Insurance Eligibility Verification is the procedure of verifying a patient’s insurance in terms of three different statuses such as coverage status, active or Inactive status, and eligibility status. Insurance eligibility verification is very important as it is directly linked to claim denials or payment delays of a healthcare practice, especially the account receivables (A/R).
The steps involved in the eligibility verification process take place as follows:
With the help of automated appointment scheduling software, the online scheduling features help streamline the scheduling process to a greater extent. The manual administrative tasks such as appointment reminders through text, call, and mail, and rescheduling of canceled appointments can be automated easily.
Patient information is the core data of the healthcare industry. But the main thing is what the patient health data must include and what should be omitted. For example, the basic information of a patient such as a patient’s name, date of birth, and address are very important as are the diagnosis, allergies, and medical history. The contact information such as patient emergency contact, family doctor, and the insurance provider may be captured elsewhere under specific heads.
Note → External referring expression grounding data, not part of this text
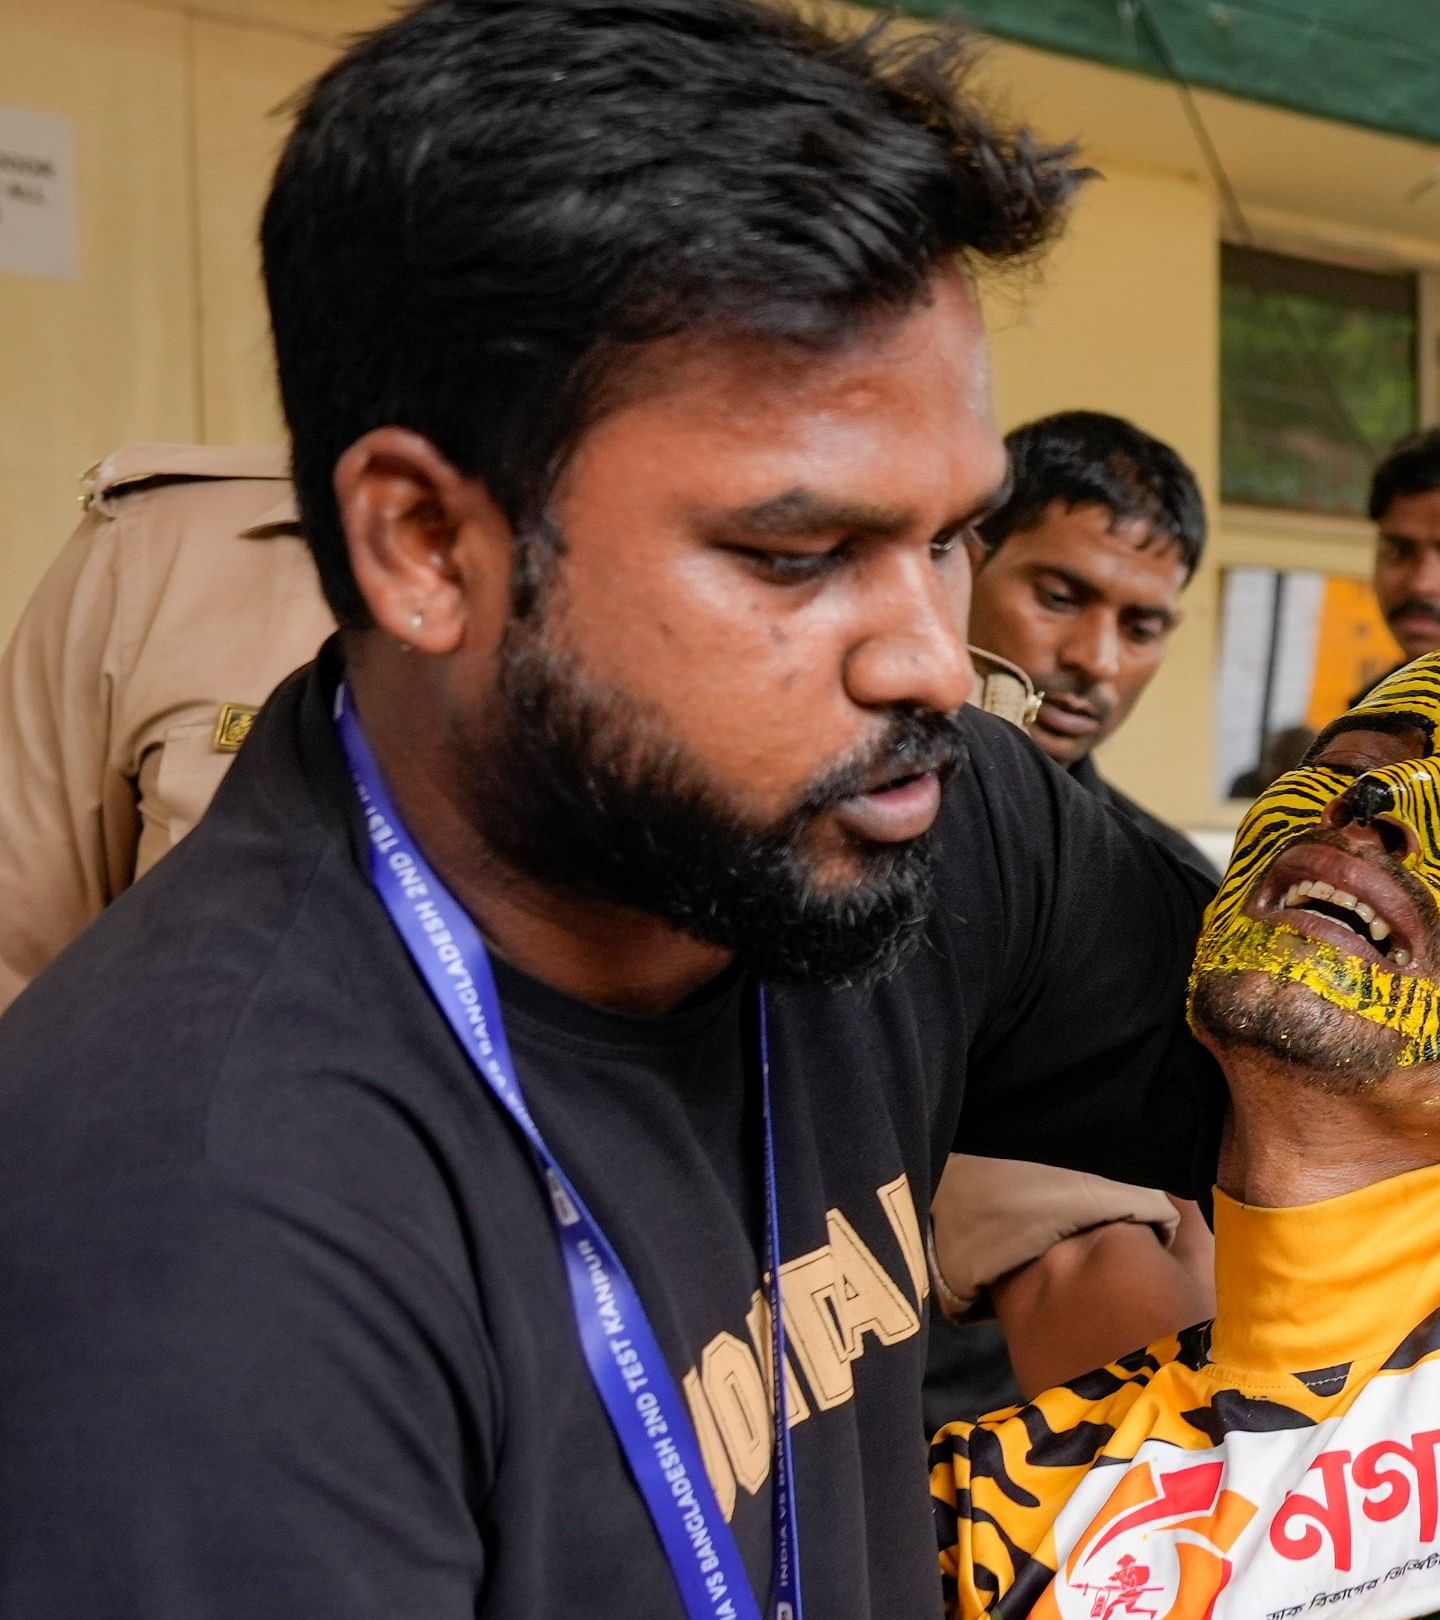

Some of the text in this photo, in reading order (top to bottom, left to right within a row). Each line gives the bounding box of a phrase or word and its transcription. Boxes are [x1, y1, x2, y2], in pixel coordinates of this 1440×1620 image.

[389, 850, 429, 899] 2ND
[414, 899, 494, 1057] BANGLADESH
[576, 1239, 625, 1336] KANPUR
[610, 1339, 649, 1394] TEST
[636, 1392, 668, 1438] 2ND
[653, 1437, 720, 1573] BANGLADESH
[779, 1525, 788, 1587] INDIA
[706, 1571, 728, 1602] VS
The eligibility verification is the most important step in the RCM process. If it is done in the right way, it leads automatically to an increase in the number of clean claims. A smooth insurance eligibility verification process solves major issues like delayed payments, billing errors, and non-payment.
It is important to periodically check the coverage and benefits extended under the patient’s insurance plan. For this, a precise record of patient data must be maintained because any changes like marital status, birth, and divorce can change coverage and benefits. In the whole process, it is a great idea to prompt the patient on benefits like co-pay, and deductibles, and all through organization administrations.
Prior authorization is very important in revenue cycle management (RCM) as payers need to confirm whether a particular medication or procedure will be approved. If an insurance company does not approve certain treatments or medical equipment, healthcare providers should wait till they get approval, or else they need to contact the insurance providers regarding the approval process and then perform the necessary steps.
All the patient data including basic information, health records, and contact information should be collected prior and should be maintained correctly. If any additional information is required such as medication details, it’s advisable to contact the patients for accurate information.
The medical billing software is where the patient details including the insurance coverage data are updated. Use the advanced verification system to retrieve the insurance card and verify patient eligibility with every visit to avoid claim denials.
The accurate eligibility verification process helps the healthcare providers to submit clean claims and helps to avoid claim re-submission, reduces demographic or eligibility-related rejections and denials, increases upfront collections, and results in improved patient satisfaction.
Updated eligibility verification helps in better claim submission and lesser claim denials. It helps healthcare practices to maintain cash flow through the decrease in write-offs and improved patient care.
Insurance credentialing services help to enhance the entire process of revenue cycle management. An efficient and streamlined workflow will lead to lesser claim denials and an improved patient experience.
There will be an increase in the self-pay revenue as patient information is electronically matched with the healthcare database. This helps in helping patients whose “cover” is not known; it helps to submit their claims after cross-checking the eligibility and cover status online, thus streamlining the pay pipeline for self-pay patients.